ANTHONY: I cannot deny that some grief it is, cousin, indeed. But
yet, as for me, it is not half so much as it would be if they could
carry me out into any such unknown country that God could not know
where nor find the means to come at me!
But now in good faith, cousin, if my migration into a strange
country were any great grief unto me, the fault should be much in
myself. For since I am very sure that whithersoever man convey me,
God is no more verily here than he shall be there, if I get (as I
can, if I will) the grace to set mine whole heart upon him and long
for nothing but him, it can then make no matter to my mind, whether
they carry me hence or leave me here. And then, if I find my mind
much offended therewith, that I am not still here in mine own
country, I must consider that the cause of my grief is mine own
wrong imagination, whereby I beguile myself with an untrue
persuasion, thinking that this were mine own country. Whereas in
truth it is not so, for, as St. Paul saith, "We have here no city
nor dwelling-country at all, but we seek for one that we shall come
to." And in whatsoever country we walk in this world, we are but as
pilgrims and wayfaring men. And if I should take any country for
mine own, it must be the country to which I come and not the
country from which I came. That country, which shall be to me then
for a while so strange, shall yet perdy be no more strange to
me--nor longer strange to me, neither--than was mine own native
country when first I came into it. And therefore if my being far
from hence be very grievous to me, and I find it a great pain that
I am not where I wish to be, that grief shall in great part grow
for lack of sure setting and settling my mind in God, where it
should be. And when I mend that fault of mine, I shall soon ease my
grief.
Now, as for all the other griefs and pains that are in captivity,
thraldom, and bondage, I cannot deny that many there are and great.

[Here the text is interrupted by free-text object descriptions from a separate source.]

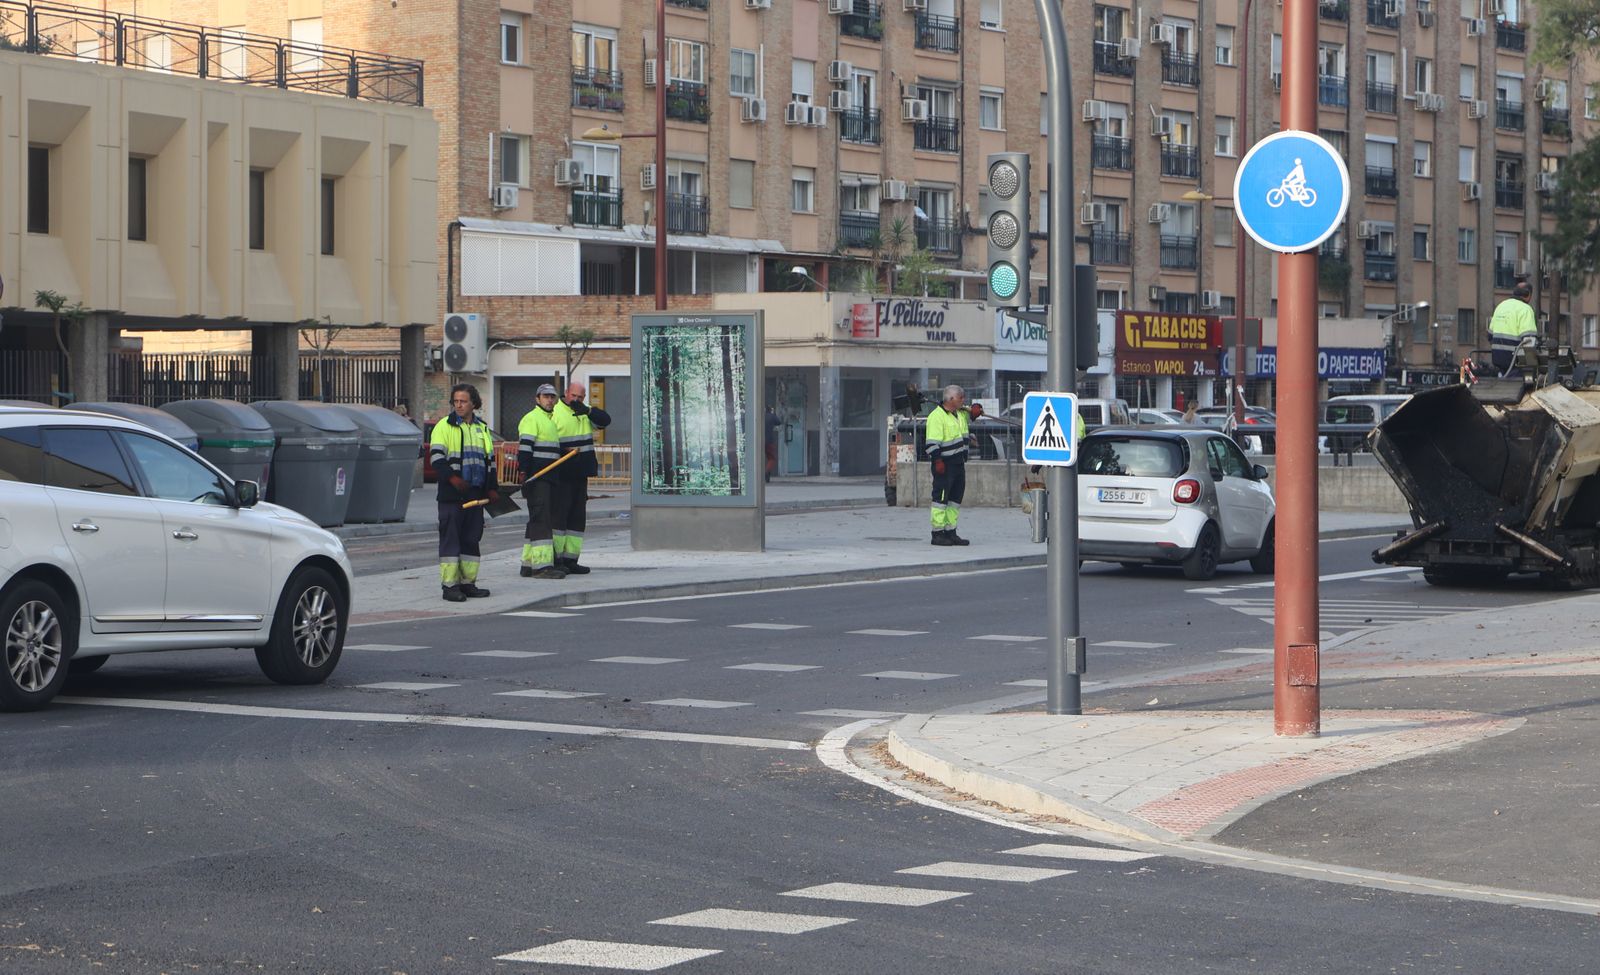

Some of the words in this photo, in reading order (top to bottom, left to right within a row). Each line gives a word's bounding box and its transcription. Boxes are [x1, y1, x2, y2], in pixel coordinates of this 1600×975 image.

[877, 299, 891, 326] El
[893, 299, 945, 329] Pellizco
[926, 330, 957, 342] VIAPOL
[1144, 315, 1207, 340] TABACOS
[1122, 360, 1151, 373] Estanco
[1154, 359, 1186, 375] VIAPOL
[1193, 360, 1205, 376] 24
[1329, 350, 1382, 375] PAPELERÍA
[1103, 490, 1126, 500] 2556

Howbeit, they seem yet somewhat the more--what say I, "somewhat"? I
may say a great deal the more--because we took our former liberty
for a great deal more than indeed it was.

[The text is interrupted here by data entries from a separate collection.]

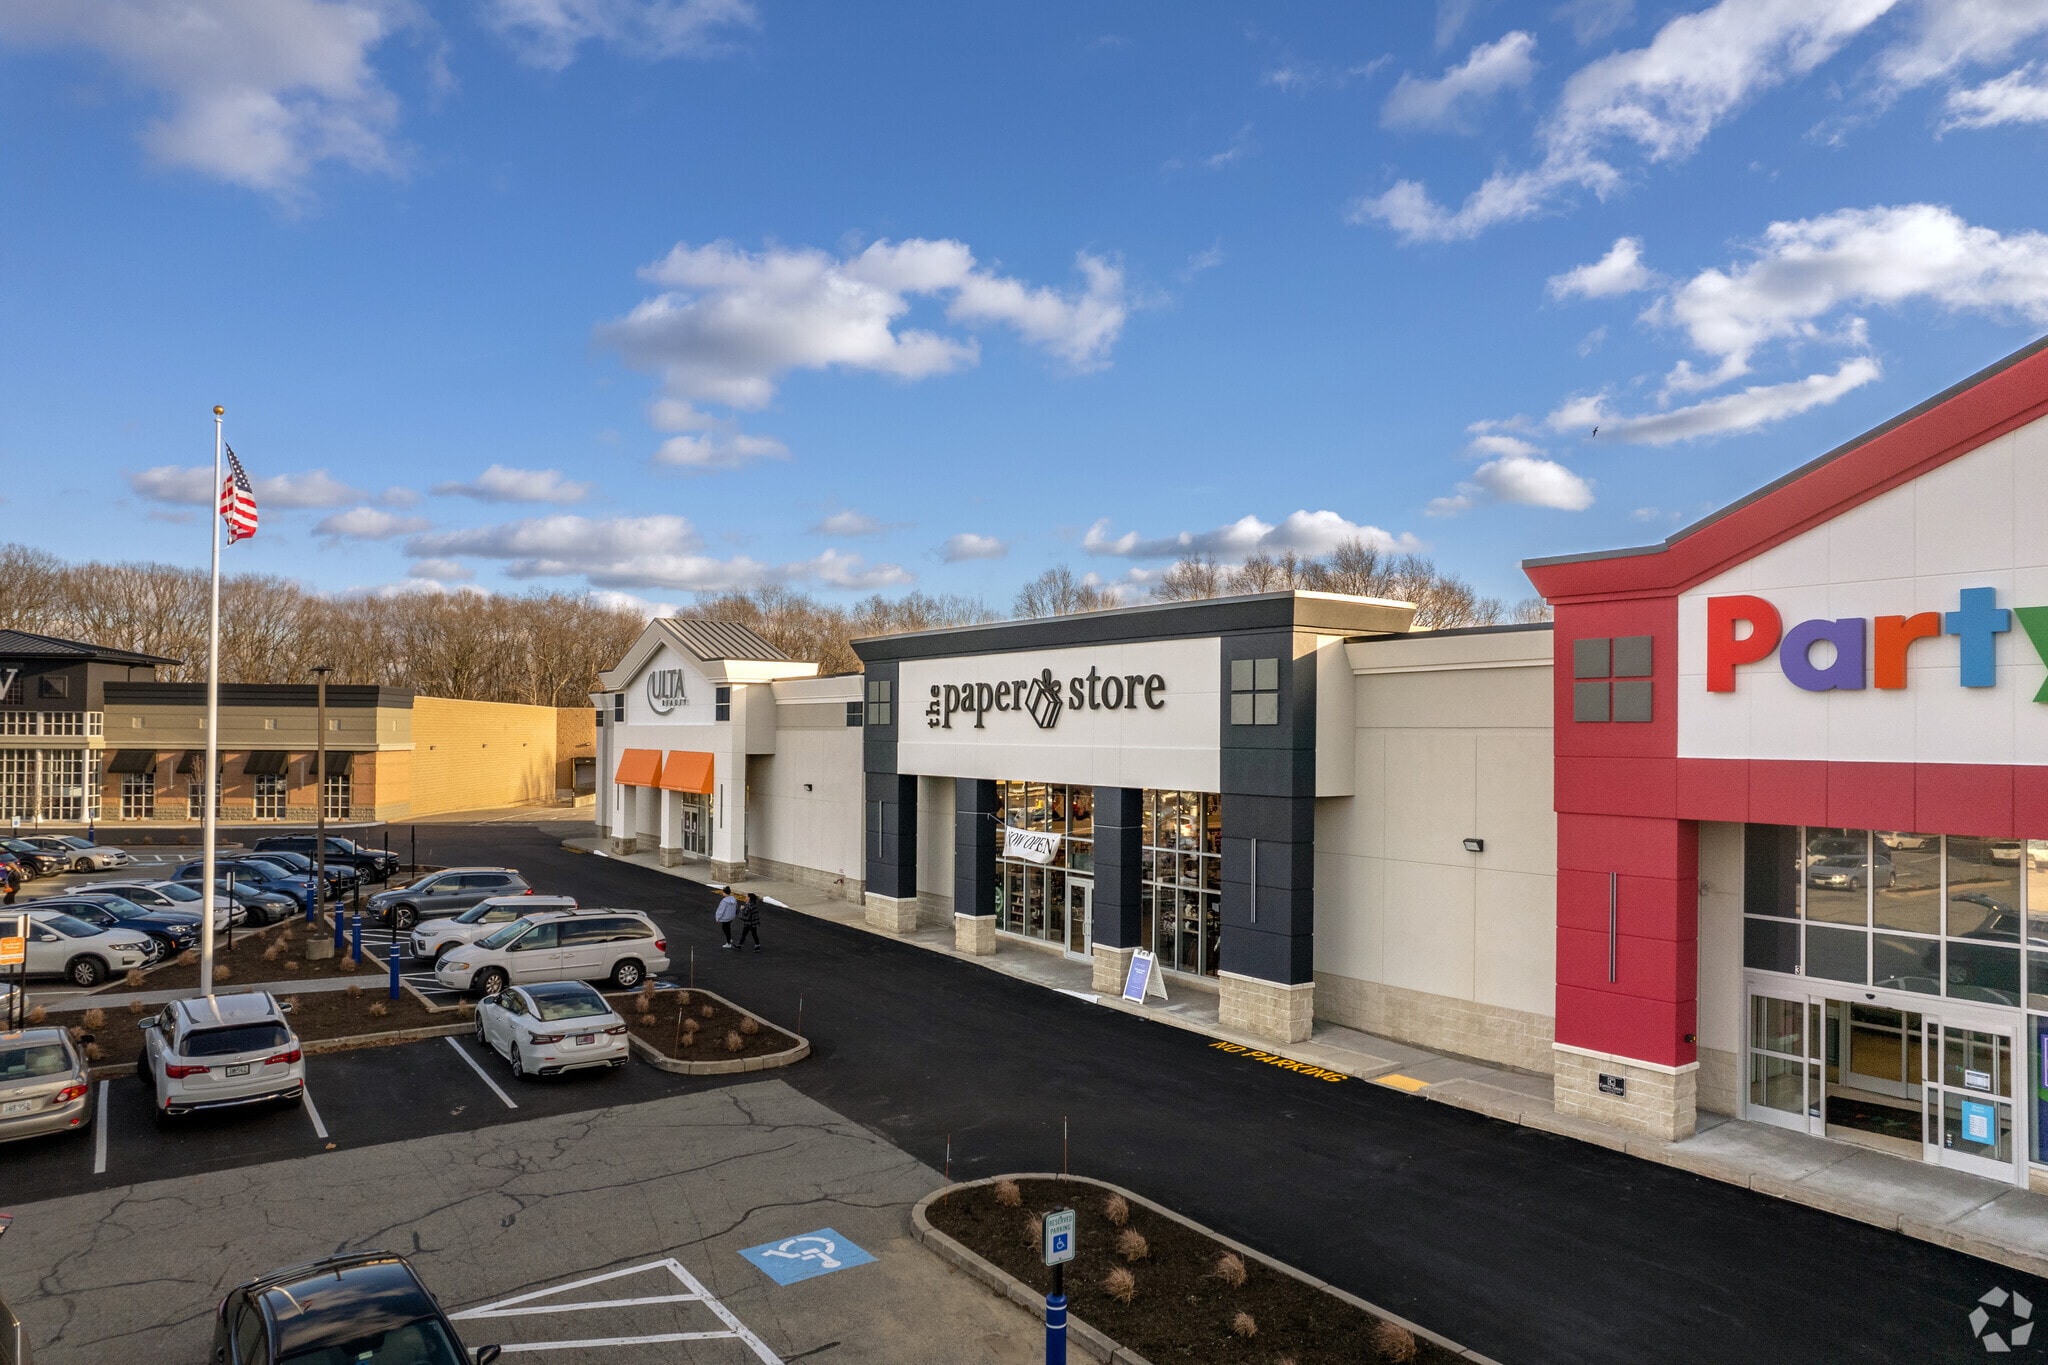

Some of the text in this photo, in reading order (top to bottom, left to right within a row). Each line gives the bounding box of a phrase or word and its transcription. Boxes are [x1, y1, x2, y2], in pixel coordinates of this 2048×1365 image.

[652, 668, 686, 699] ULTA
[926, 665, 1166, 729] the paper store
[1023, 836, 1055, 855] OPEN
[1208, 1041, 1348, 1082] NO PARKING
[1048, 1214, 1073, 1227] RESERVED
[1050, 1224, 1071, 1235] PARKING

Let us therefore consider the matter thus: Captivity, bondage, or
thraldom, what is it but the violent restraint of a man, being so
subdued under the dominion, rule, and power of another that he must
do whatever the other please to command him, and may not do at his
liberty such things as he please himself? Now, when we shall be
carried away by a Turk and be fain to be occupied about such things
as he please to set us, we shall lament the loss of our liberty and
think we bear a heavy burden of our servile condition. And we shall
have, I grant well, many times great occasion to do so. But yet we
should, I suppose, set somewhat the less by it, if we would
remember well what liberty that was that we lost, and take it for
no larger than it was indeed. For we reckon as though we might
before do what we would, but in that we deceive ourselves. For what
free man is there so free that he can be suffered to do what he
please? In many things God hath restrained us by his high
commandment--so many, that of those things which we would otherwise
do, I daresay it be more than half. Howbeit, because (God forgive
us) we forbear so little for all that, but do what we please as
though we heard him not, we reckon our liberty never the less. But
then is our liberty much restrained by the laws made by man, for
the quiet and politic governance of the people. And these too
would, I suppose, hinder our liberty but little, were it not for
the fear of the penalties that fall thereupon. Look then, whether
other men who have authority over us never command us some business
which we dare not but do, and therefore often do it full sore
against our wills. Some such service is sometimes so painful and so
perilous too, that no lord can command his bondsmen worse, and
seldom doth command him half so sore. Let every free man who
reckoneth his liberty to stand in doing what he please, consider
well these points, and I daresay he shall then find his liberty
much less than he took it for before.
And yet have I left untouched the bondage that almost every man is
in who boasteth himself for free--the bondage, I mean, of sin. And
that it be a true bondage, I shall have our Saviour himself to bear
me good record. For he saith, "Every man who committeth sin is the
thrall, or the bondsman, of sin." And then if this be thus (as it
must needs be, since God saith it is so), who is there then who can
make so much boast of his liberty that he should take it for so
sore a thing and so strange to become through chance of war,
bondsman unto a man, since he is already through sin become
willingly thrall and bondsman unto the devil?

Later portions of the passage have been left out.